Consider COVID-19, and how many of the policies have focused on reducing the number of cases and deaths—whether effectively or not. Plastic barriers, for instance, were considered only for its value to prevent COVID (even then, a dubious claim) without regard for their impact on environmental health, as well as their detrimental effect in making people go outdoors (in the case of face shields), or in putting people at risk for accidents (in the case of those motorcycle barriers).
The ban on outdoor spaces, too—including what little public green spaces and parks we have—was considered only based on the idea that doing so can prevent COVID (once again, a groundless policy given the relative safety of the outdoors), without regard for the all-important role of the outdoors in improving physical and mental health.
And what of the developmental, physical, and social toll on our children and young people of our protracted education lockdown?
I say the above without underestimating the toll of COVID-19. Especially in the first weeks and months of a then-unknown disease, it was understandable to take extreme measures. We must recognize, however, that lifestyle diseases—ischemic heart diseases and cerebrovascular disease—caused more deaths in the country than COVID-19 even at the latter’s peak in 2021; which is why it is just as important to avoid what we then called the “covidization of health care.” And, of course, beyond the important goal of addressing disease, we need to prevent them and improve people’s quality of life—which is why parks, bike lanes, walkable streets, nutrition programs, public health information campaigns, accessible health care centers are just as important as hospitals.
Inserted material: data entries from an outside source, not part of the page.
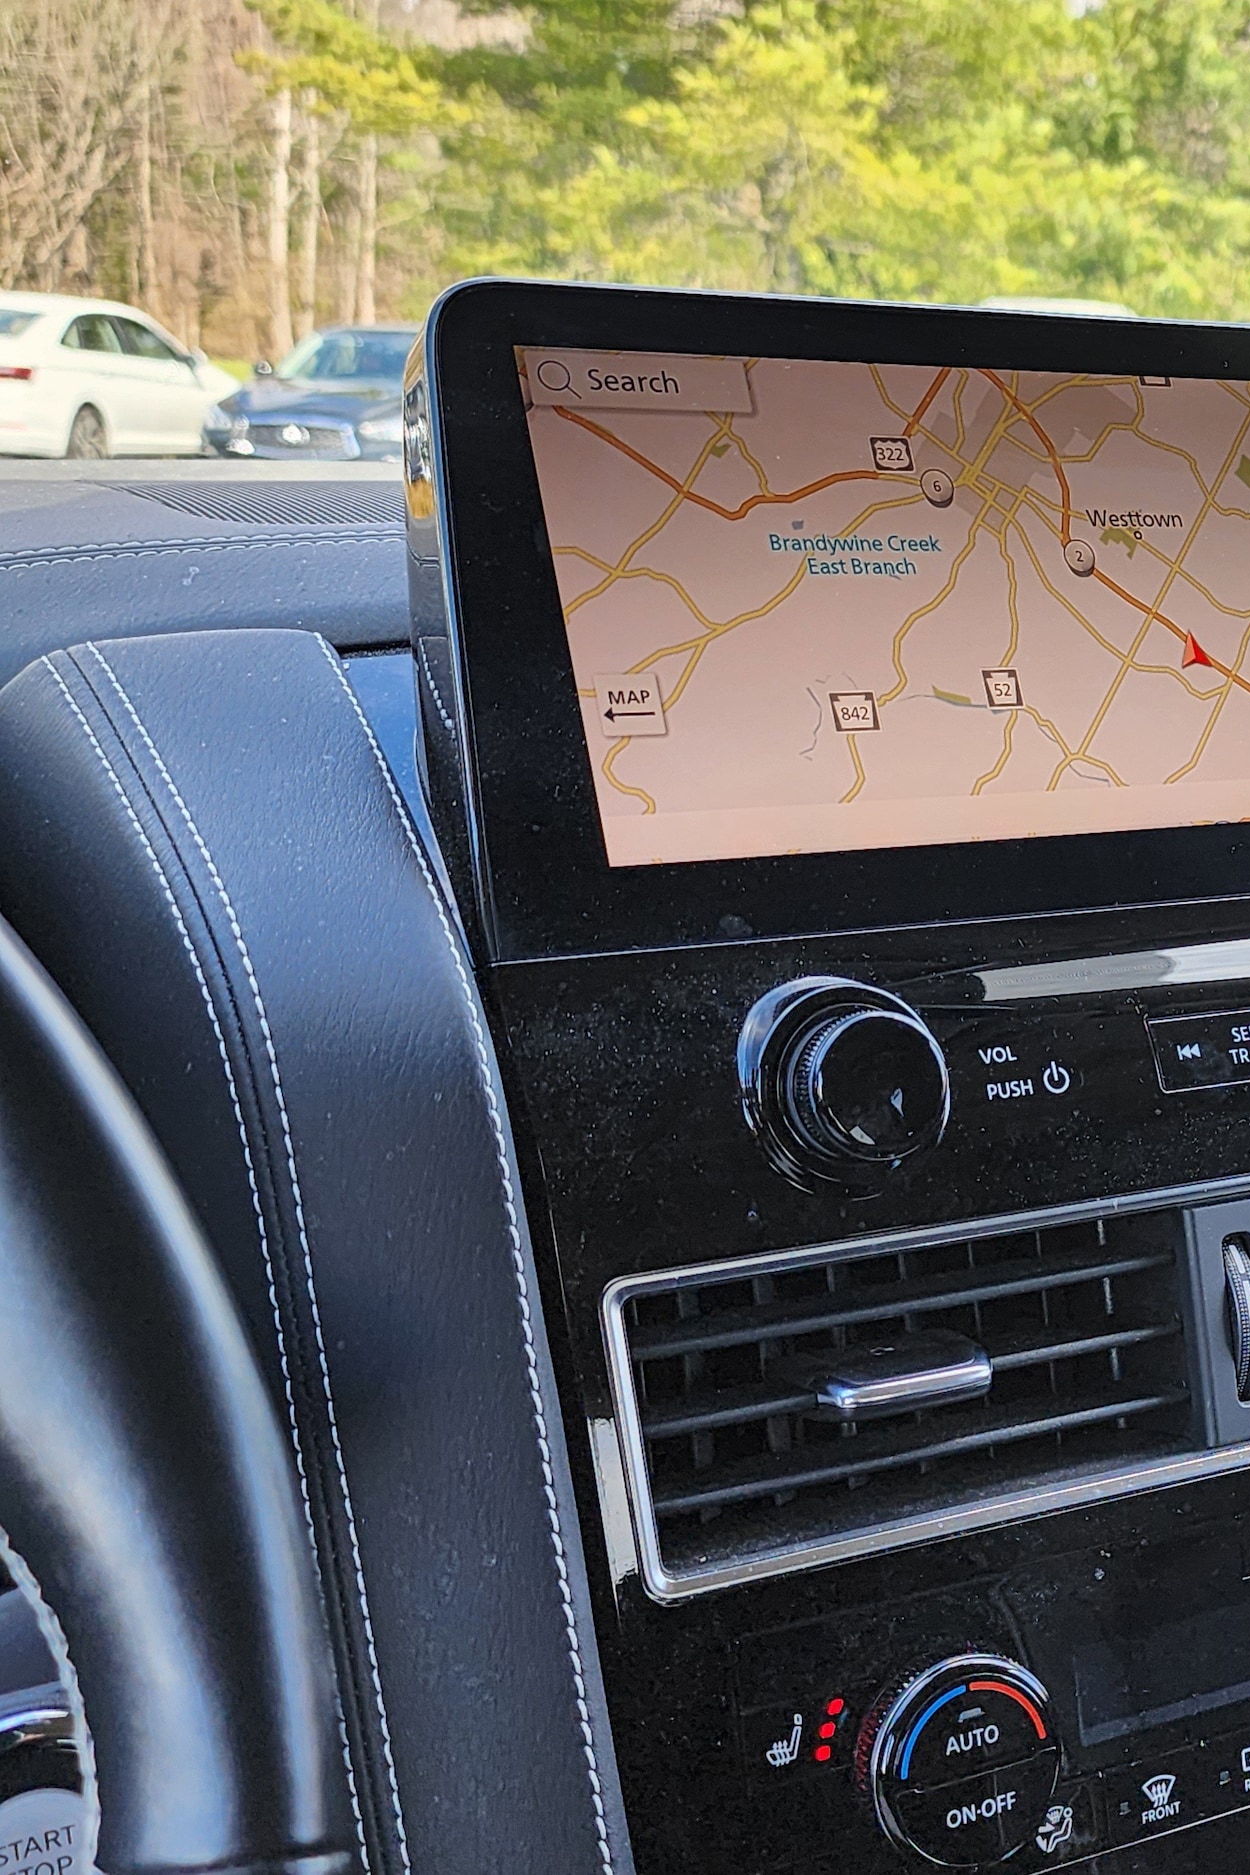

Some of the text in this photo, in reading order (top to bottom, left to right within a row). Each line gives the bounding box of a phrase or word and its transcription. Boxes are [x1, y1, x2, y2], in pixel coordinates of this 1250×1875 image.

[588, 368, 680, 395] Search
[876, 447, 905, 461] 322
[933, 480, 941, 492] 6
[1086, 509, 1183, 528] Westtown
[769, 534, 942, 555] Brandywine Creek
[1075, 550, 1084, 563] 2
[808, 557, 917, 576] East Branch
[607, 689, 651, 705] MAP
[994, 683, 1013, 697] 52
[841, 706, 870, 721] 842
[978, 1046, 1018, 1065] VOL
[986, 1079, 1034, 1101] PUSH
[946, 1725, 999, 1756] AUTO
[1142, 1800, 1181, 1824] FRONT
Aside from public health policy, the disease-based model also affects medical practice, with doctors and patients alike often preoccupied with addressing a particular pathology, often forgetting what it is that patients actually worry about, and the other aspects of their health. Ideally—and as advocated for in the specialty of family medicine—a “primary physician” will look at people more holistically, only referring them when necessary. But our health care system remains specialty-based and—notwithstanding efforts from our educators—so is our medical curriculum.
Fortunately, the Alma-Ata Declaration, and the movement behind it, have also placed us in a better position to realize its goal of people-centered health care. The declaration’s endorsement of community health workers, for instance, has helped give rise to our barangay health workers, whose service has been immense and whose potential for health service delivery remains untapped.
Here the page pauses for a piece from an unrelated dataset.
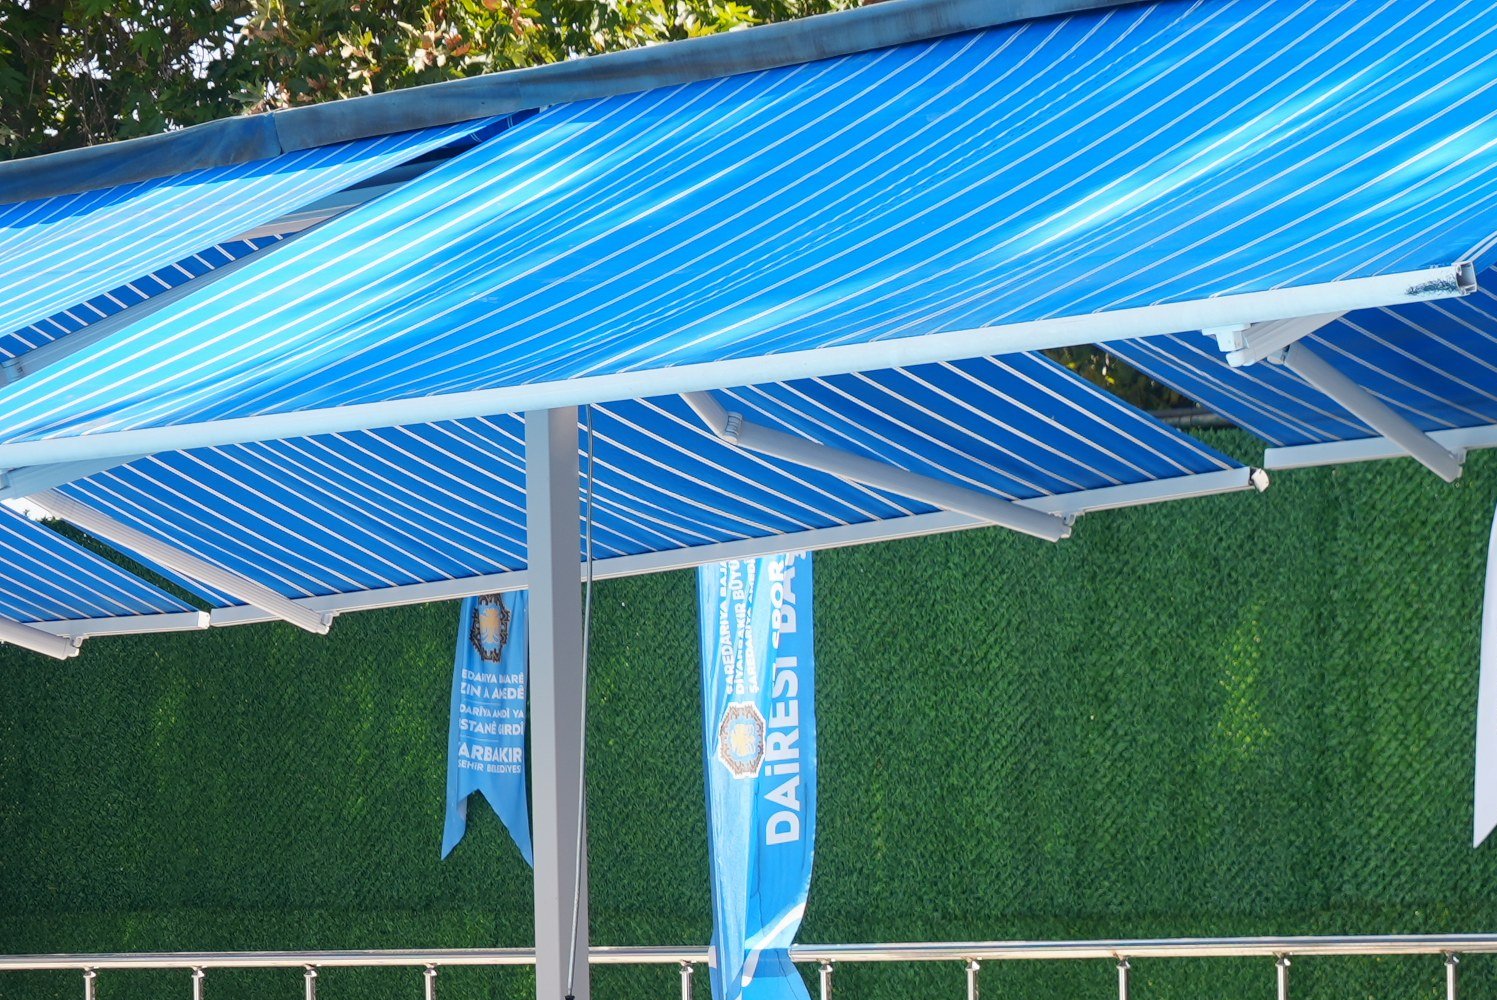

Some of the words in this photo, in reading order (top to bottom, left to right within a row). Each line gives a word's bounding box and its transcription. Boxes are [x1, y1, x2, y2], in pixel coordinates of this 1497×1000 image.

Moreover, the declaration’s guiding principles have found its way in our national policies, including the Universal Health Care Act (Republic Act No. 11223) that affirms health as a right and endorses a “people-oriented,” as well as a “whole-of-government, whole-of-society” approach.
Then as now, however, we have not fully acted on these ideas; public health remains politically and financially underprioritized—and health, as defined in Alma Ata, remains a privilege for the few who can afford it.